WHAT TO DO
Nothing in the records may be altered, and no picture may be included. Restate them in full.

=======

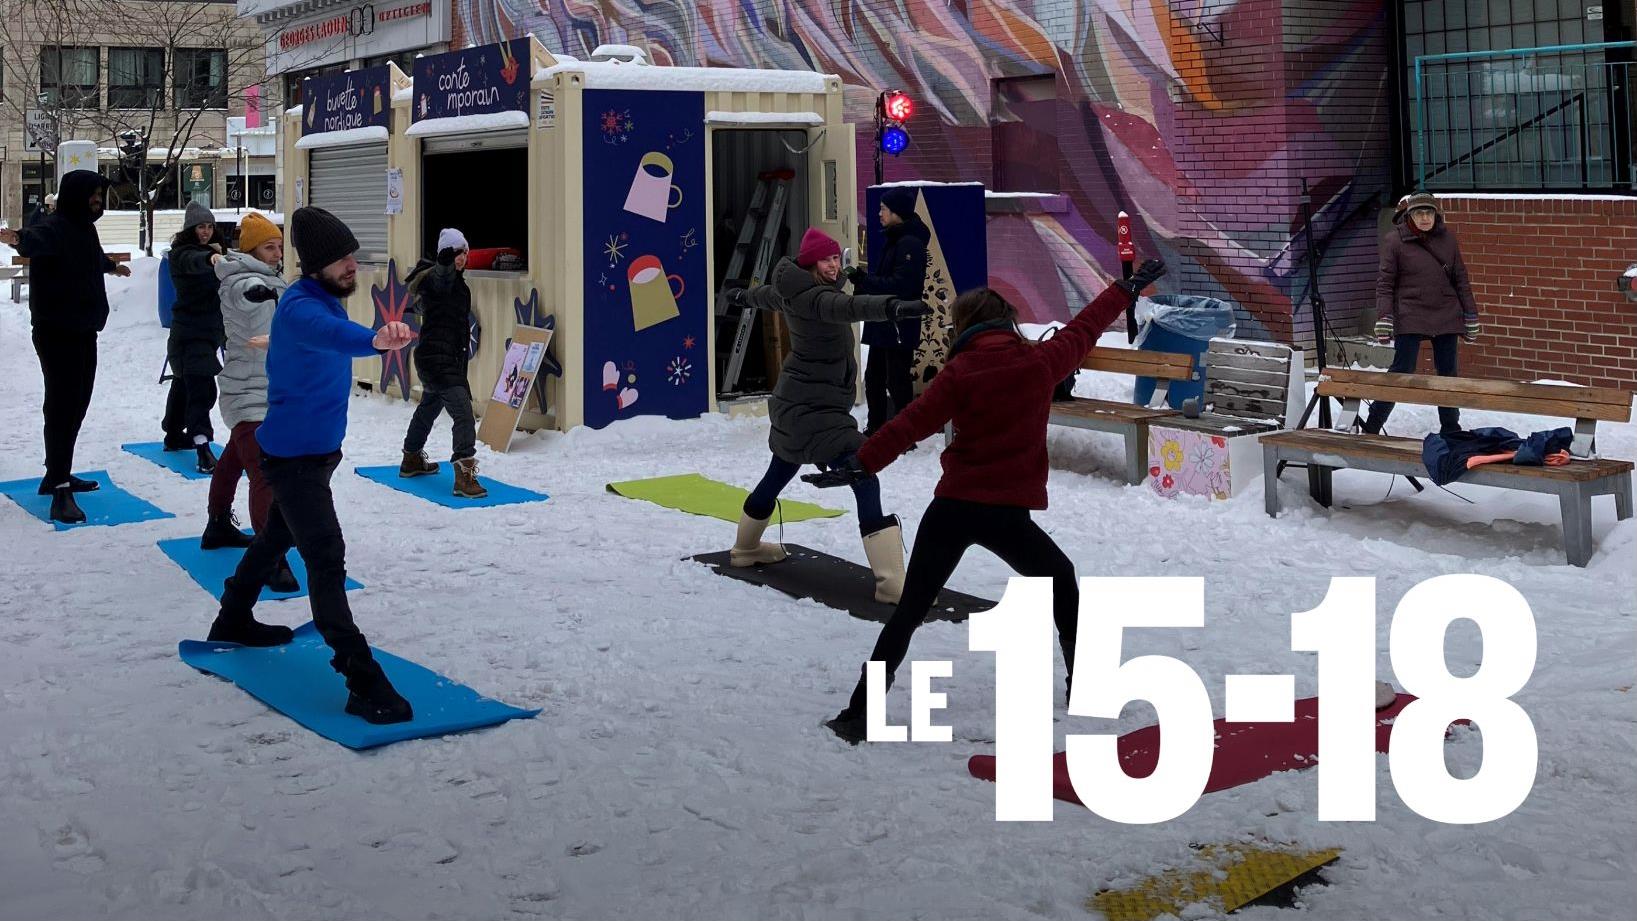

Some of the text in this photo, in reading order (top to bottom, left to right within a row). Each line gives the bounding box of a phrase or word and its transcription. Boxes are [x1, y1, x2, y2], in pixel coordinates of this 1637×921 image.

[438, 56, 470, 91] conte
[326, 75, 358, 112] buvette
[447, 86, 500, 117] mporain
[324, 111, 363, 132] nordique

=======

WRITTEN SOLUTION
Some of the text in this photo, in reading order (top to bottom, left to right within a row). Each line gives the bounding box of a phrase or word and its transcription. Boxes are [x1, y1, x2, y2], in pixel coordinates of this 1637×921 image.

[438, 56, 470, 91] conte
[326, 75, 358, 112] buvette
[447, 86, 500, 117] mporain
[324, 111, 363, 132] nordique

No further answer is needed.